### WHAT TO DO
Repeat each line of the data exactly as written.

Stored dataset items:
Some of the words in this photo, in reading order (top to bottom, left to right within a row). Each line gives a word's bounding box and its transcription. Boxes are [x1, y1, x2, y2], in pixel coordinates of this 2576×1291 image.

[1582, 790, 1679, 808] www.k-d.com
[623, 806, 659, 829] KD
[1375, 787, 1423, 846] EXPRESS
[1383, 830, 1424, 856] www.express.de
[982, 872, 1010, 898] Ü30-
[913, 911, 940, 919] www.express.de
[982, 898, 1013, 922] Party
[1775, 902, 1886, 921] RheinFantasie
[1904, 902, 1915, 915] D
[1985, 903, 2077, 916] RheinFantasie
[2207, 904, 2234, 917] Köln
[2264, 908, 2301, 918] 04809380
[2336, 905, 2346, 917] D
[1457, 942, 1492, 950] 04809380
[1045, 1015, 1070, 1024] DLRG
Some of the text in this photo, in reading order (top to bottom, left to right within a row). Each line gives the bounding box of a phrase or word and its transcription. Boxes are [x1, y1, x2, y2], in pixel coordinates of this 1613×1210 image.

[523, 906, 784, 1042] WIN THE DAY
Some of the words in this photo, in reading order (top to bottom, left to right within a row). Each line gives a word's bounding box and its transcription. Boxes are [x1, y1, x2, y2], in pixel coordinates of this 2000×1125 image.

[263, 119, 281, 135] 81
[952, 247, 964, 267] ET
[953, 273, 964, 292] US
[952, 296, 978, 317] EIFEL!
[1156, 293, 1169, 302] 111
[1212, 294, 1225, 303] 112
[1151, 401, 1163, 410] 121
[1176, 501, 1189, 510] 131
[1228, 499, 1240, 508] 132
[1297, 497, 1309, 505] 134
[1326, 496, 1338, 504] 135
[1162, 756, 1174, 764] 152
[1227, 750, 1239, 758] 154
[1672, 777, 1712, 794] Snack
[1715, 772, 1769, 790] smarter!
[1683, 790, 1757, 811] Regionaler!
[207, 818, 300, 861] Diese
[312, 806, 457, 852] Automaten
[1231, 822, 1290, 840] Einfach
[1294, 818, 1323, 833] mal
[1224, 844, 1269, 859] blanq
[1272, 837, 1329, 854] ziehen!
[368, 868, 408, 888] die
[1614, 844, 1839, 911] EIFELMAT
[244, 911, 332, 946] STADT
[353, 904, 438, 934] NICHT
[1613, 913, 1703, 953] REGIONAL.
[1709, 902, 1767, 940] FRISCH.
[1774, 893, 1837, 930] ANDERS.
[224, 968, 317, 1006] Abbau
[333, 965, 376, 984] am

### EXERCISE SOLUTION
Some of the words in this photo, in reading order (top to bottom, left to right within a row). Each line gives a word's bounding box and its transcription. Boxes are [x1, y1, x2, y2], in pixel coordinates of this 2576×1291 image.

[1582, 790, 1679, 808] www.k-d.com
[623, 806, 659, 829] KD
[1375, 787, 1423, 846] EXPRESS
[1383, 830, 1424, 856] www.express.de
[982, 872, 1010, 898] Ü30-
[913, 911, 940, 919] www.express.de
[982, 898, 1013, 922] Party
[1775, 902, 1886, 921] RheinFantasie
[1904, 902, 1915, 915] D
[1985, 903, 2077, 916] RheinFantasie
[2207, 904, 2234, 917] Köln
[2264, 908, 2301, 918] 04809380
[2336, 905, 2346, 917] D
[1457, 942, 1492, 950] 04809380
[1045, 1015, 1070, 1024] DLRG
Some of the text in this photo, in reading order (top to bottom, left to right within a row). Each line gives the bounding box of a phrase or word and its transcription. Boxes are [x1, y1, x2, y2], in pixel coordinates of this 1613×1210 image.

[523, 906, 784, 1042] WIN THE DAY
Some of the words in this photo, in reading order (top to bottom, left to right within a row). Each line gives a word's bounding box and its transcription. Boxes are [x1, y1, x2, y2], in pixel coordinates of this 2000×1125 image.

[263, 119, 281, 135] 81
[952, 247, 964, 267] ET
[953, 273, 964, 292] US
[952, 296, 978, 317] EIFEL!
[1156, 293, 1169, 302] 111
[1212, 294, 1225, 303] 112
[1151, 401, 1163, 410] 121
[1176, 501, 1189, 510] 131
[1228, 499, 1240, 508] 132
[1297, 497, 1309, 505] 134
[1326, 496, 1338, 504] 135
[1162, 756, 1174, 764] 152
[1227, 750, 1239, 758] 154
[1672, 777, 1712, 794] Snack
[1715, 772, 1769, 790] smarter!
[1683, 790, 1757, 811] Regionaler!
[207, 818, 300, 861] Diese
[312, 806, 457, 852] Automaten
[1231, 822, 1290, 840] Einfach
[1294, 818, 1323, 833] mal
[1224, 844, 1269, 859] blanq
[1272, 837, 1329, 854] ziehen!
[368, 868, 408, 888] die
[1614, 844, 1839, 911] EIFELMAT
[244, 911, 332, 946] STADT
[353, 904, 438, 934] NICHT
[1613, 913, 1703, 953] REGIONAL.
[1709, 902, 1767, 940] FRISCH.
[1774, 893, 1837, 930] ANDERS.
[224, 968, 317, 1006] Abbau
[333, 965, 376, 984] am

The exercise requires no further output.